Al lado de mamá, con la brisa de la bahía que me hinchaba la camisa y me refrescaba, traté de pensar en la soledad que le esperaba al despertarse en una cama que no conocía con unas caras que no conocía y una comida que no conocía; en lo que pensé, en cambio, fue en mi soledad. Llevaba tanto tiempo sin contestar las cartas de mis amigos que supuse que me habrían dado por imposible. Me sentí muy poca cosa: ante la perspectiva de la vida que le aguardaba a mamá, yo, egocéntrico, solo pensaba en mí.

—¿Volvemos a casa? —me preguntó.

—Mamá, tengo que contarte lo que está pasando.

—¿Sí, cariño?

La abracé y, con la mirada fija en el agua, empecé a hablar.

—Últimamente, tu estado ha empeorado. Justo lo que dijo el doctor que pasaría. —Cogí aire—. ¿Recuerdas haber estado de pie en el bote, en medio de la laguna?

Mamá se echó a reír.

—¿Qué?

Me daba cuenta de que ella no sabía de qué estaba hablando.

—Te pusiste a remar en la laguna y yo tuve que ir a buscarte nadando. —Dejé que su silencio fuera cuajando—. Cerraste todas las puertas de casa y dejaste a Lorraine fuera, me recibiste en el despacho con la pistola de papá, y en la boda de Lorraine te encerraste en el baño. Me da miedo que te pierdas y te hagas daño. Hoy te llevaré a un sitio nuevo para que vivas allí.

Tiró de los extremos del jersey.

—¿Ya es hora de que nos marchemos?

—Supongo que sí.

—Confío en que harás lo más conveniente, Monk.

Mi primera sierra de mesa tenía un protector de plástico.

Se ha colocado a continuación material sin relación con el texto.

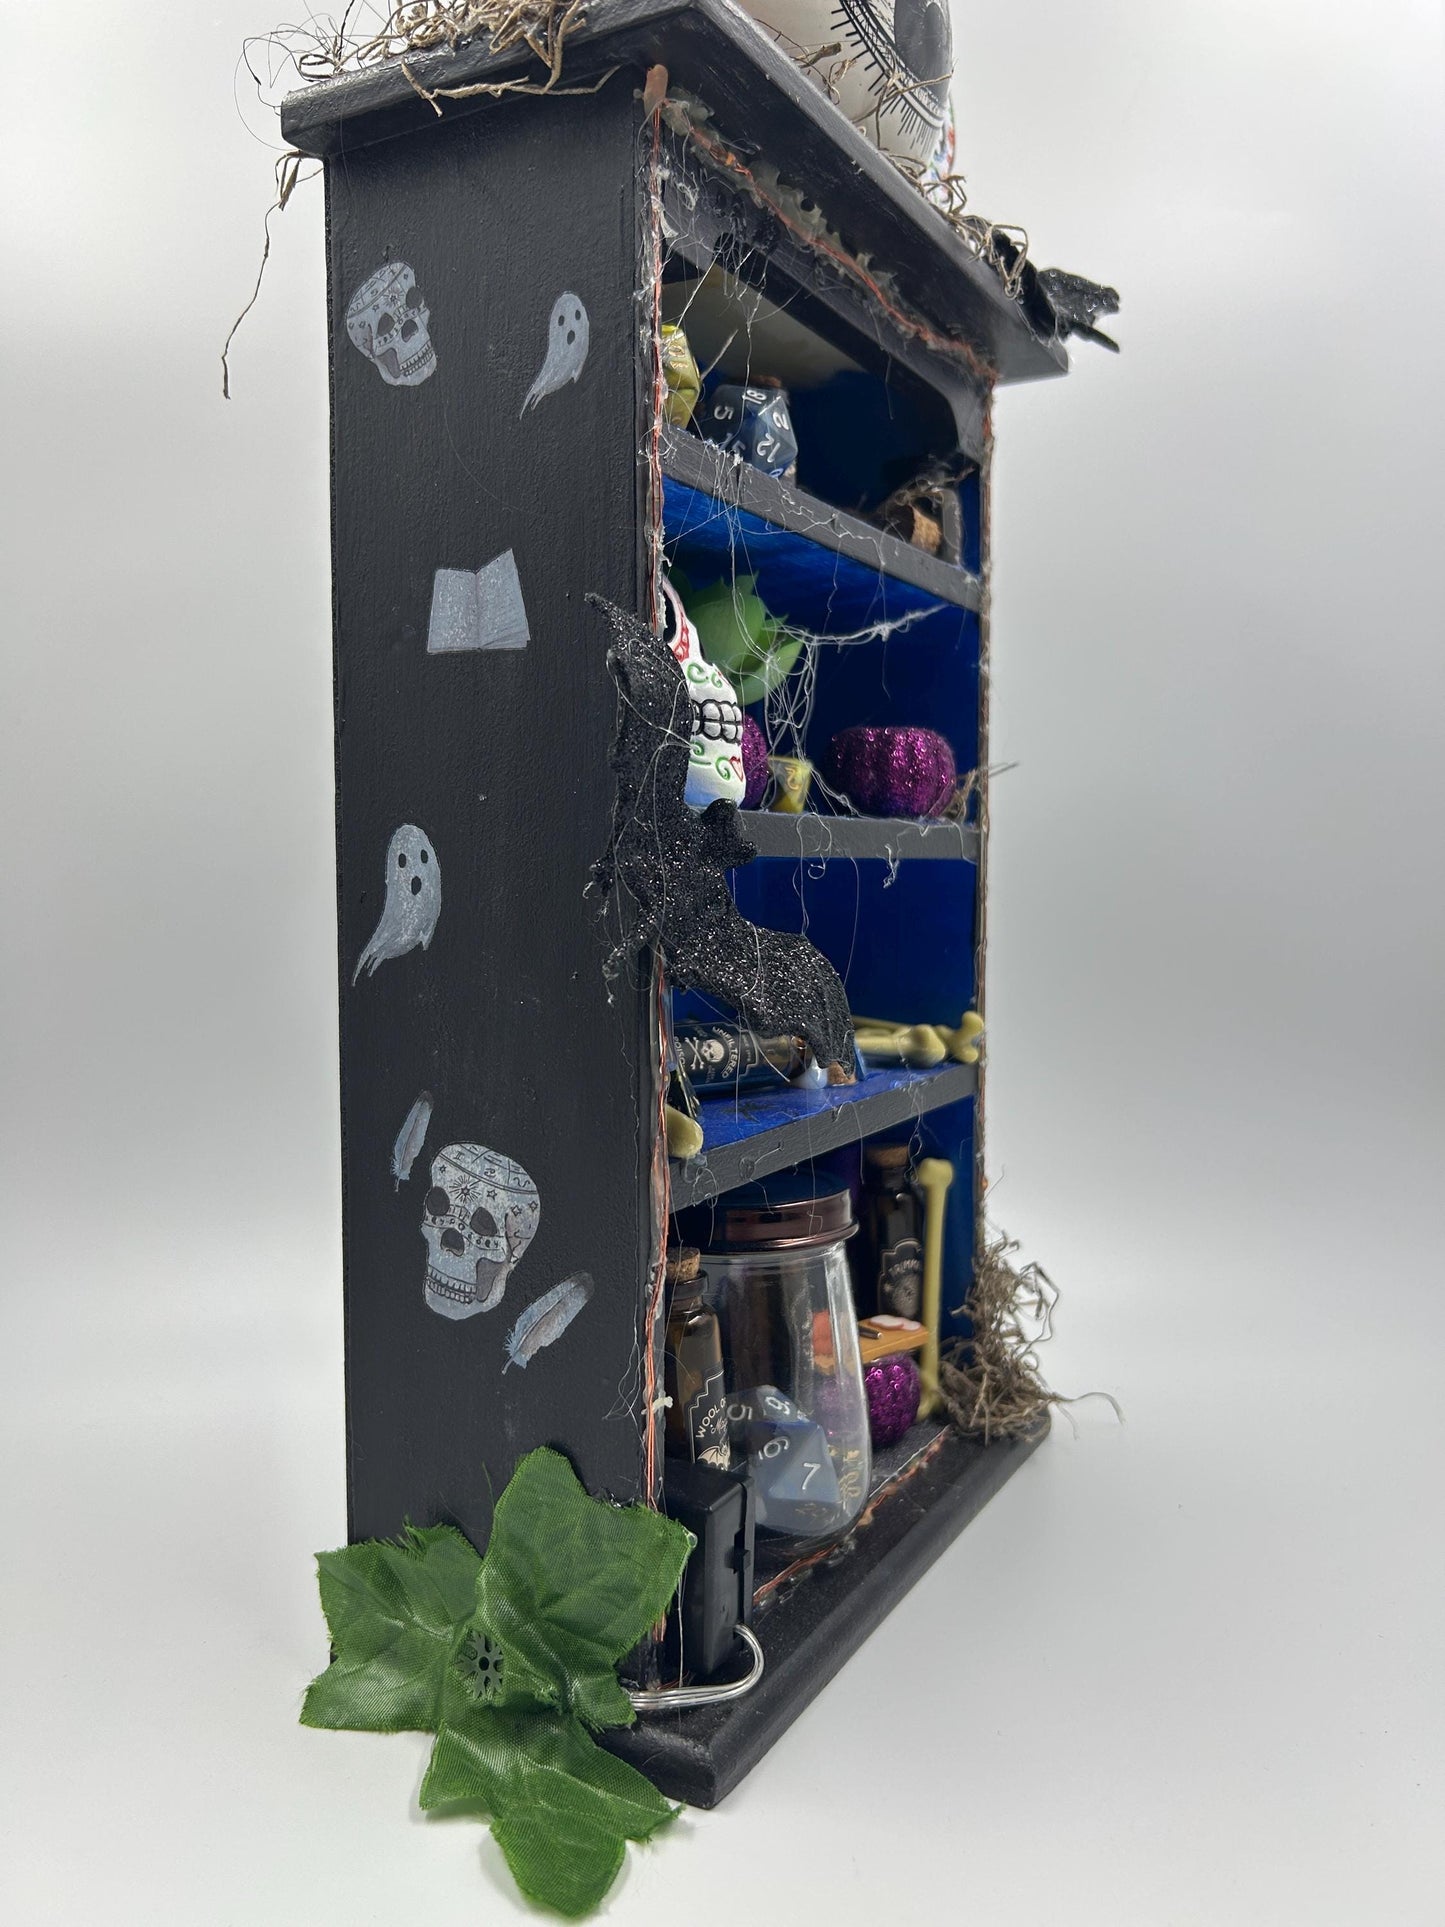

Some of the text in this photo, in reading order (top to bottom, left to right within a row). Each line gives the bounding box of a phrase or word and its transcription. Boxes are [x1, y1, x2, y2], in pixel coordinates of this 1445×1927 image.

[742, 389, 767, 405] 18
[713, 405, 735, 420] 5
[756, 432, 781, 463] 12
[674, 1036, 687, 1068] POISO
[695, 1404, 720, 1438] WOOL
[803, 1462, 821, 1491] 7

Cada vez que pasaba un trozo de madera por la máquina, lo bajaba muy confiado para que me protegiera, contento cuando cortaba sin problemas y soltando tacos cuando esa pantalla tan incómoda me obligaba a desenchufar la sierra o a volver a repasar la madera a medio cortar. A decir verdad, sin embargo, el gemido agudo de la hoja me asustaba. Con los ojos y los oídos, calibraba el poder destructivo del disco, lo olía, incluso, cuando una pieza de madera quedaba tocando la hoja y se quemaba. Más tarde aprendí a retirar el protector para trabajar las tablas grandes, luego lo montaba de nuevo, atornillándolo a la máquina. Empecé a recolocar el protector cada vez menos a menudo, y luego ni me acordaba de dónde había dejado el chisme. Empujaba las tablas sin pararme a pensar que podía perder un dedo o que la hoja podía salir disparada y rebanarme el cráneo. El olor a quemado, el gemido de la máquina y esa primera muesca que hacía la hoja en la esquina inferior de la tabla empezaron a gustarme.

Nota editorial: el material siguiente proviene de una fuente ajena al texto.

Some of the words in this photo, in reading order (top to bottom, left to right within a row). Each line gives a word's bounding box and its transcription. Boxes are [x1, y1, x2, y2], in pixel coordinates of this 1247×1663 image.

Y nos fuimos de viaje a la nueva casa de mamá, a Columbia. Los trámites de admisión los hizo con la cabeza tan clara que estuve a punto de llevármela de vuelta a la playa, pero la administradora no vaciló en ningún momento, se limitó a hacer preguntas y a rellenar los impresos. Fuimos andando hasta la suite de mamá, que más que una habitación parecía un apartamento, aunque sin cocina. Mamá tocó aquellos muebles de hospital y frunció ligeramente el ceño.

—¿Quieres que te traiga algunos muebles de casa? —pregunté.

—Muy amable. Elige tú.

Salimos afuera, al jardín, y allí me sobrecogió la verdadera tristeza del lugar. Cuando pasé al lado de su silla de ruedas, una anciana me miró, y con los ojos me preguntaba si no me importaría decirle algo, decirle que la conocía, decirle lo que fuera. Todos eran viejos y todos esperaban. Algunos parecían bastante animados. La mayoría eran mujeres. Afuera el sol calentaba más, y el césped verde que se extendía hasta la verja de hierro forjado contradecía los presagios otoñales que antes flotaban en el aire. Me volví hacia mamá y la vi deambular hacia la verja.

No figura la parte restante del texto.